◆ Directions for this task
Transcribe every entry below word for word, but skip the pictures.

◆ Records for processing

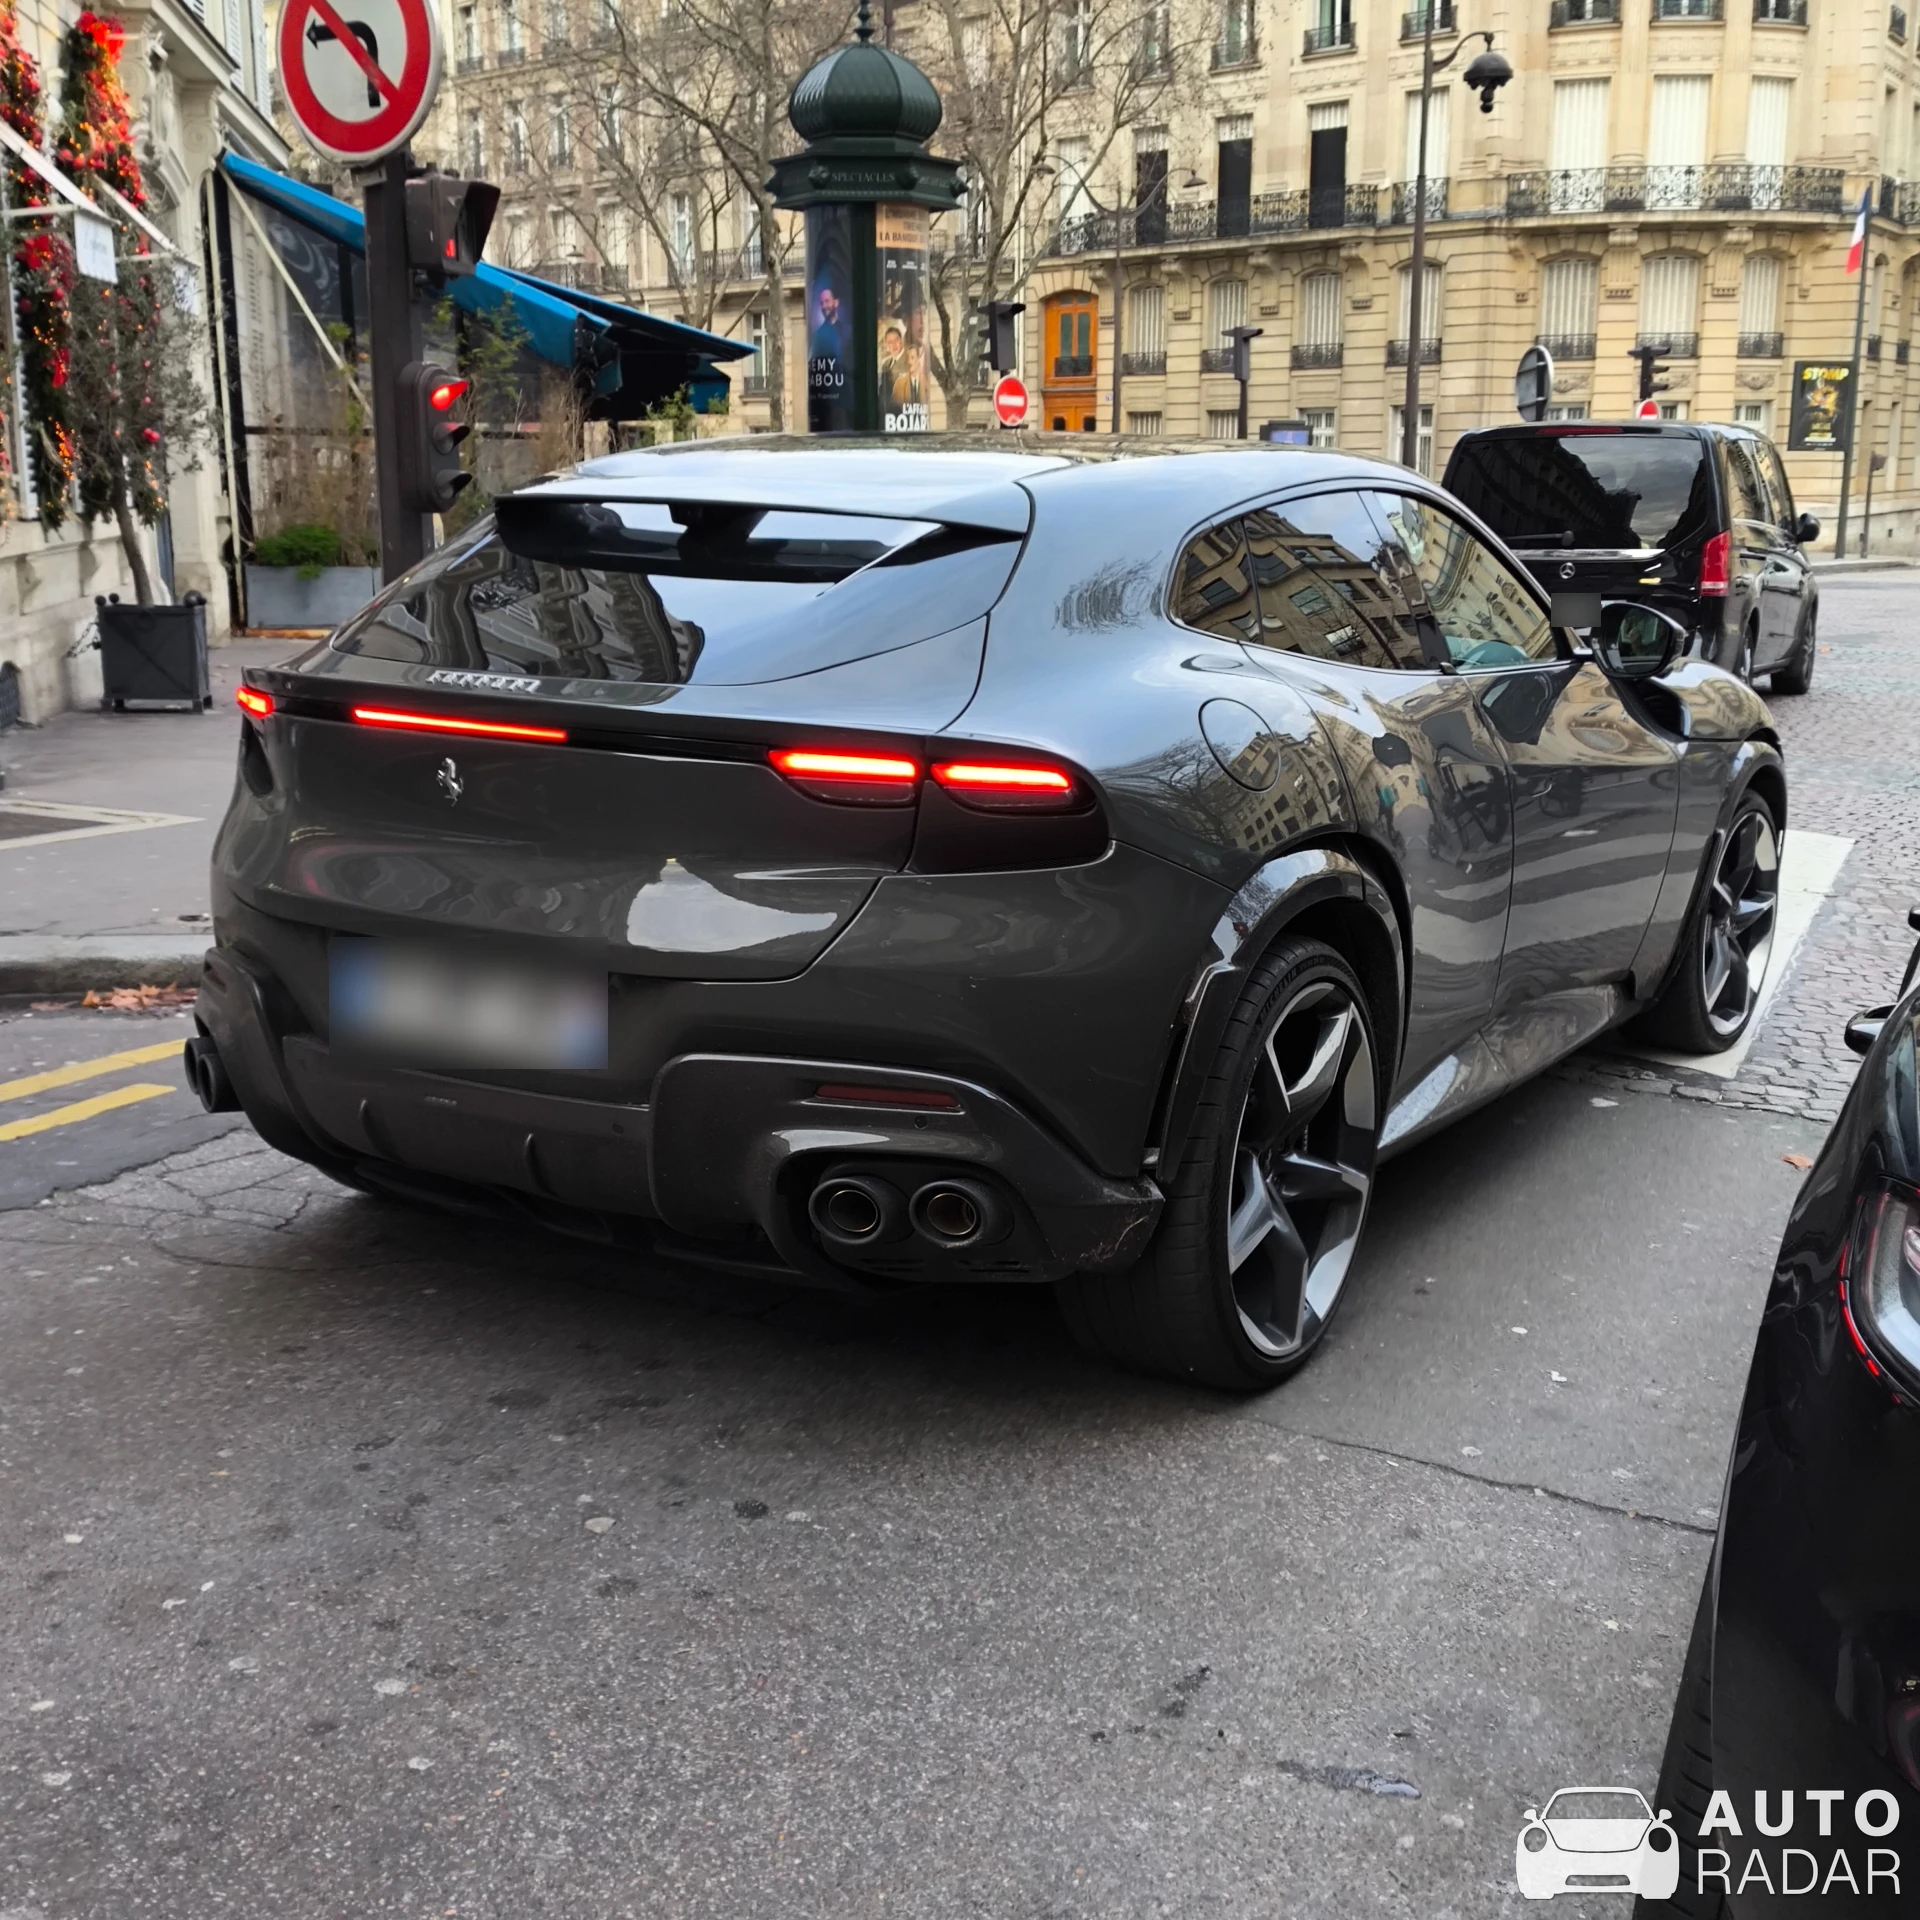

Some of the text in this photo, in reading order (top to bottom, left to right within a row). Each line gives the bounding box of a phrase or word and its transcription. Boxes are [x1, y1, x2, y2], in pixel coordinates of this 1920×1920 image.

[831, 172, 895, 183] SPECTACLES
[880, 231, 890, 241] LA
[808, 372, 844, 387] ABOU
[1802, 367, 1850, 380] STOMP

◆ Answer to the exercise
Some of the text in this photo, in reading order (top to bottom, left to right within a row). Each line gives the bounding box of a phrase or word and its transcription. Boxes are [x1, y1, x2, y2], in pixel coordinates of this 1920×1920 image.

[831, 172, 895, 183] SPECTACLES
[880, 231, 890, 241] LA
[808, 372, 844, 387] ABOU
[1802, 367, 1850, 380] STOMP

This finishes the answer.